The Initial Starter:
Whisk 50g gluten free flour and 50g warm filtered or spring water in a small bowl. Pour this into a clean, sterilized glass jar. Cover with a cheesecloth or paper towel securing it around with an elastic band and let sit for 12 hours at room temperature.

After 12 hours, whisk the starter and add 50g flour and 50g water. Cover and let sit for 12 hours at room temperature. Continue adding 50g flour and 50g water every 12 hours for up to a week. Your starter should start bubbling within a few days. As you feed your starter, take care to whisk in the flour and water thoroughly into the established starter – aerating the starter will help to yield the best and most reliable results.

The starter should be “spongy” in appearance with maybe some foamy bubbles on top and some air pockets in the mixture. It should have a slight sour smell. Your starter is now active and is ready to be used. If not needed immediately cover with cheesecloth and refrigerate.

Feeding Your Starter:
Once the starter is officially created, it enters maintenance mode. The frequency of feedings is determined by how much starter you need and how often you plan to use it.

  • At a minimum, the starter can be kept in the refrigerator and fed once a week merely to sustain life (the yeast).
  • You can continue to feed it daily as you have been, and in another seven days there will be enough starter for another batch of bread.
  • You can also feed it daily with as little as one tablespoon of flour and water – enough to continue daily growth but not produce a large quantity of starter.
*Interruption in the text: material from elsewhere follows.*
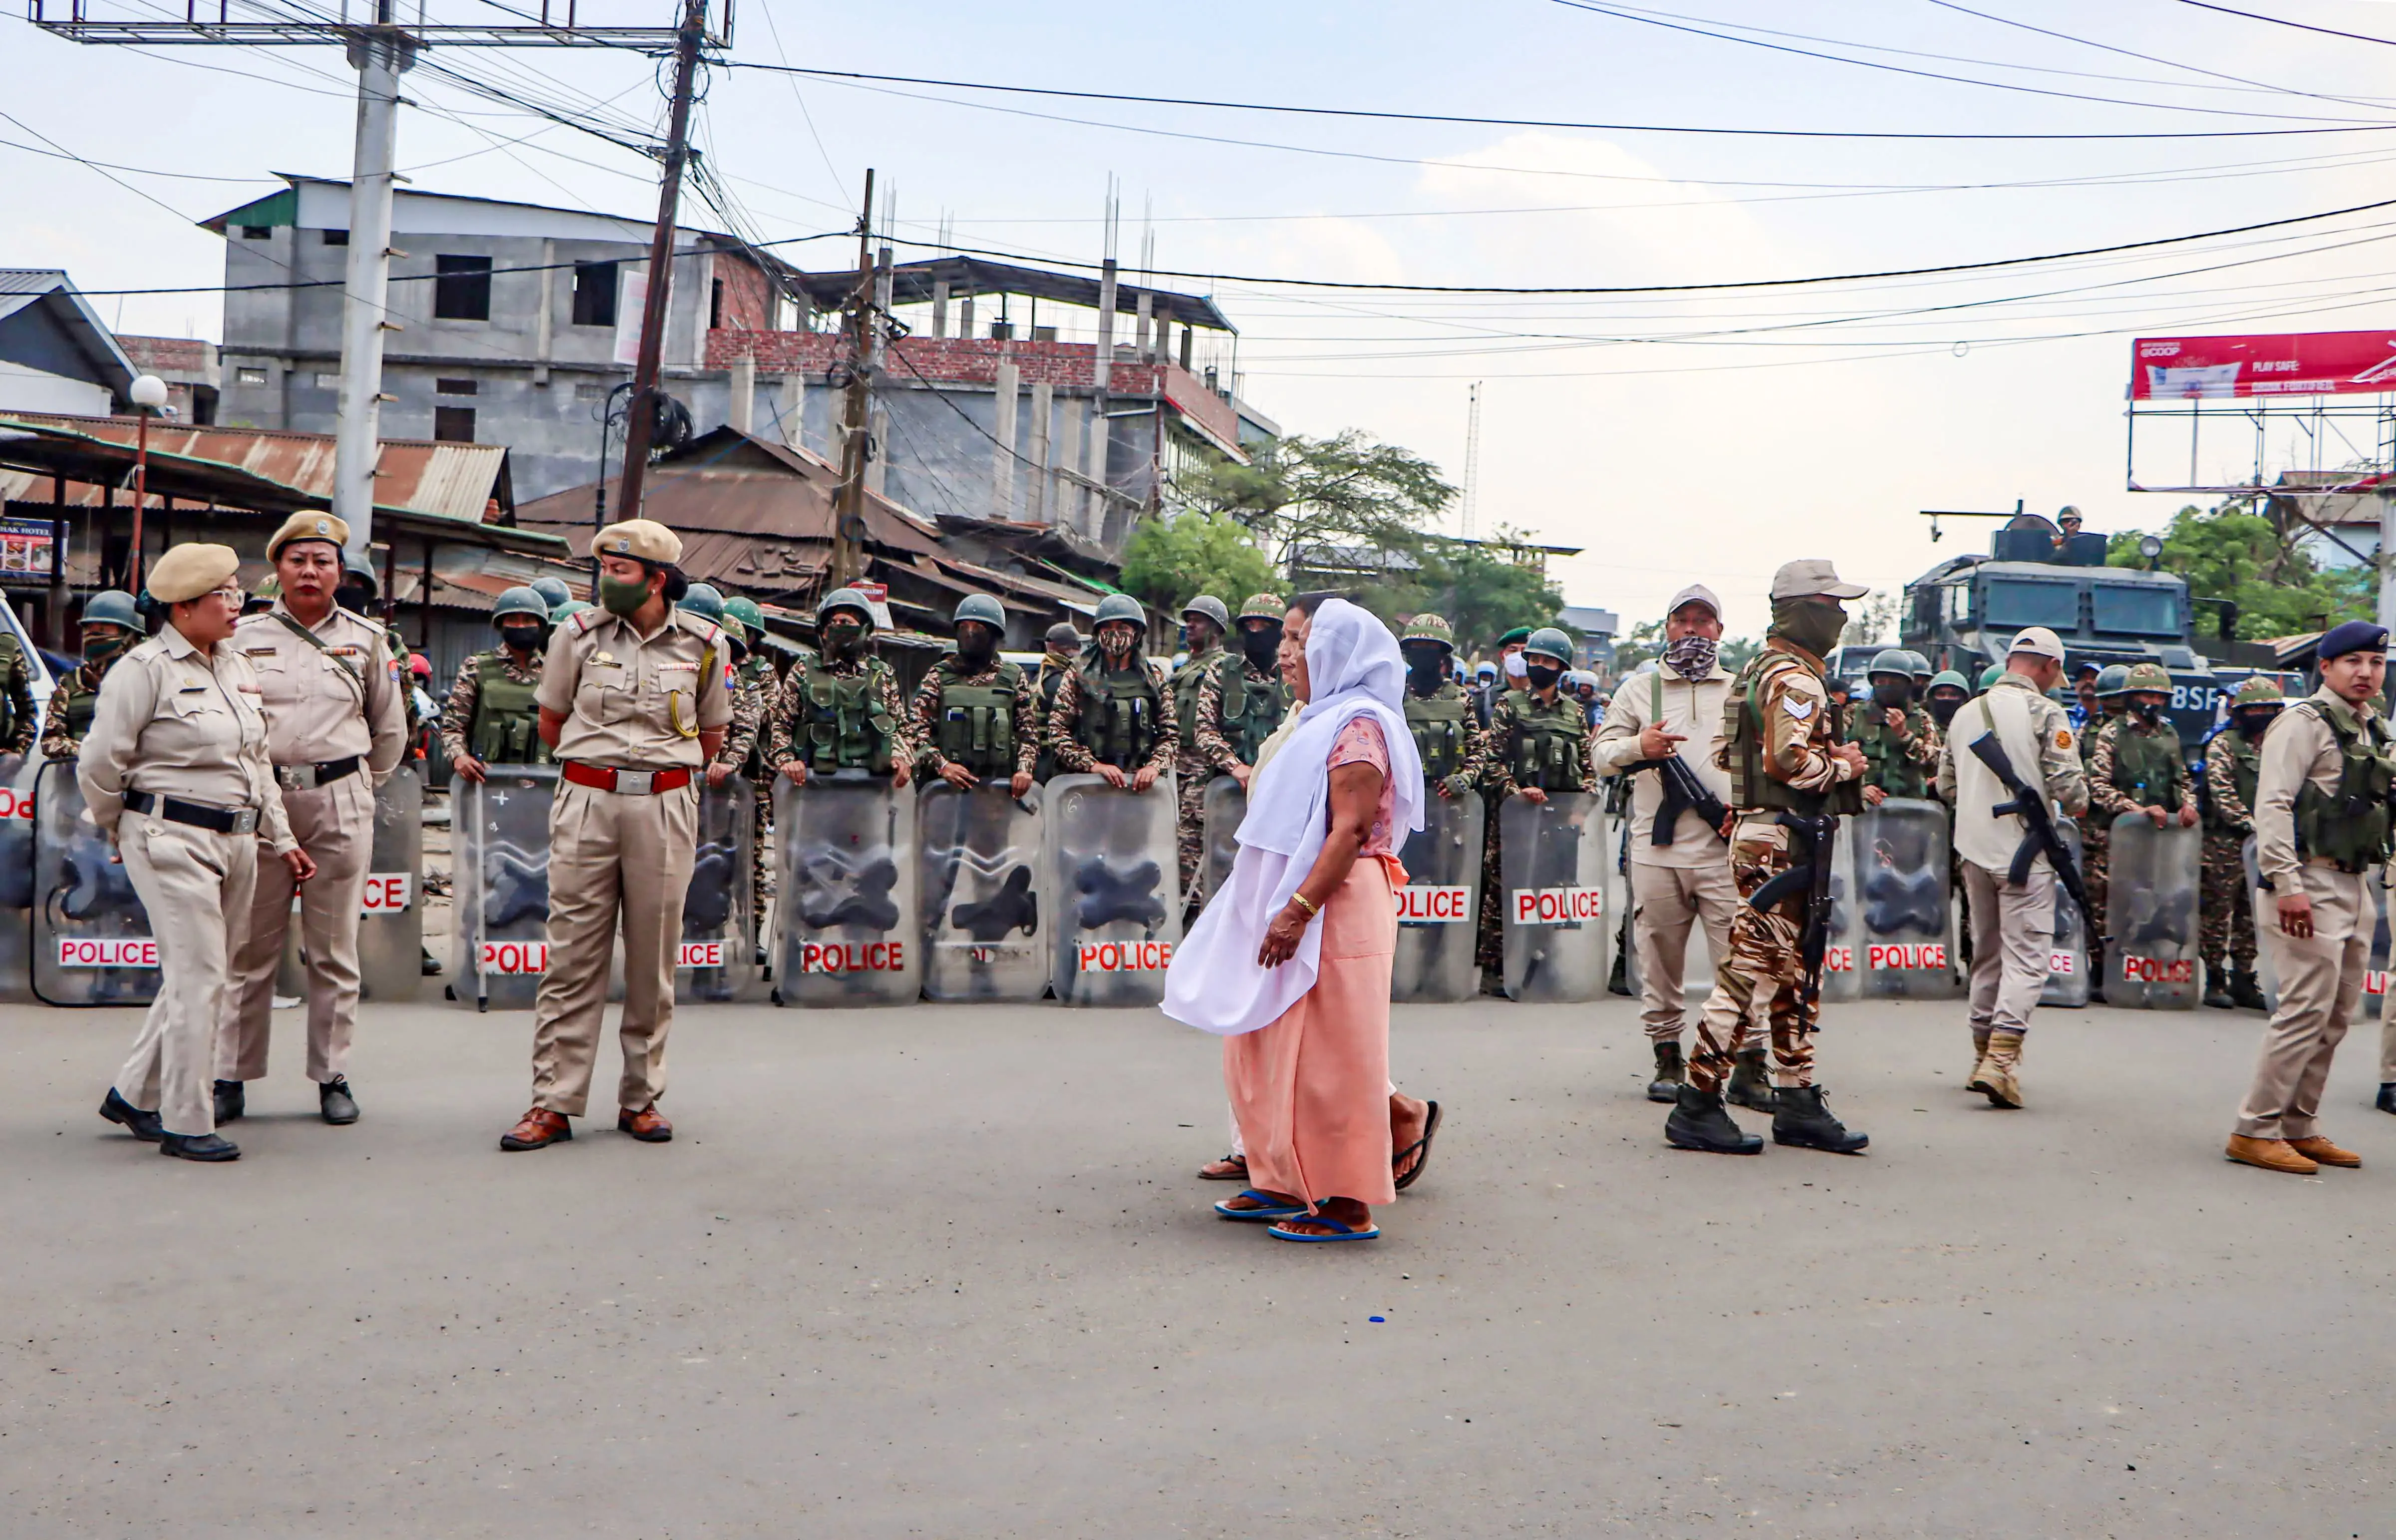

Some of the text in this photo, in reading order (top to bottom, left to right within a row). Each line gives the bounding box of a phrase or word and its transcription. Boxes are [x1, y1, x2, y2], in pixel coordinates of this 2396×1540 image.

However frequent or infrequent you decide to feed your starter, the yeast thrives best when it’s fed regularly and consistently.  Choose your time frame and quantity and stick with it as best as you can.

Using Your Starter:
Use your starter when it is active. An active starter is one that has been fed within the past 12 hours, and is active enough that it was able to double in size after that feeding. If you fed your starter and it didn’t double, you should feed it a few more times before using. The best time to use the starter is somewhere between the time it reaches its peak and before it starts to fall.

Maintaining And Reviving Your Starter:
If you bake less than once a week, you can store your starter in the fridge and feed it once a week. When needed, remove starter from fridge and bring to room temperature. Feed and stir well to combine. Leave for 12 hours before you plan to bake. If you bake every day or a few times a week, you can store your starter at room temperature and feed it every 12 hours or twice a day to keep it alive. This is very important.

Try at least feeding the starter with as much flour as there is starter.  You don’t need too much starter at a time, so for instance use 25g starter, 25g flour, and 25g water for the first feeding out of the fridge. The next feeding 12 hours later start with all of the starter from the previous feeding (75g), add 75g flour and 75g water.  You should see really large bubbles in the starter with this feeding schedule. When it’s really bubbly bake with it. You will have 225g of starter to work with – that should be plenty. Just make sure you have at least 10g starter left when you’re done to build up the new batch of starter.

Considerations For Your Starter:
Using a whisk helps to aerate the starter more thoroughly. Aeration of the starter is essential to ensure that the bacteria are well-distributed throughout the starter and can, begin to ferment the new flour and water added to the starter at each feeding.  Proper aeration of the sourdough also helps to ensure that the production of hooch – a thin liquid that sometimes rises to the top of sourdough starter – is minimized.

If a hooch does appear, don’t worry, it is harmless. It often signifies that you’ve overfed your starter with water in relation to flour or have let your starter go too long between feedings. Sourdough starters are relatively resilient, and bounce back quickly once you resume proper care of them.

Do not ever cover your jar airtight. The mixture is harvesting the yeast from the environment and needs the air to breathe. Even while in the fridge. Furthermore, the process of fermentation releases carbon dioxide which can build up in a tightly lidded jar and explode. Remember your starter will expand and rise to twice its volume after a feeding once it’s well-established so the jar you choose should have double the capacity of an un-fed starter.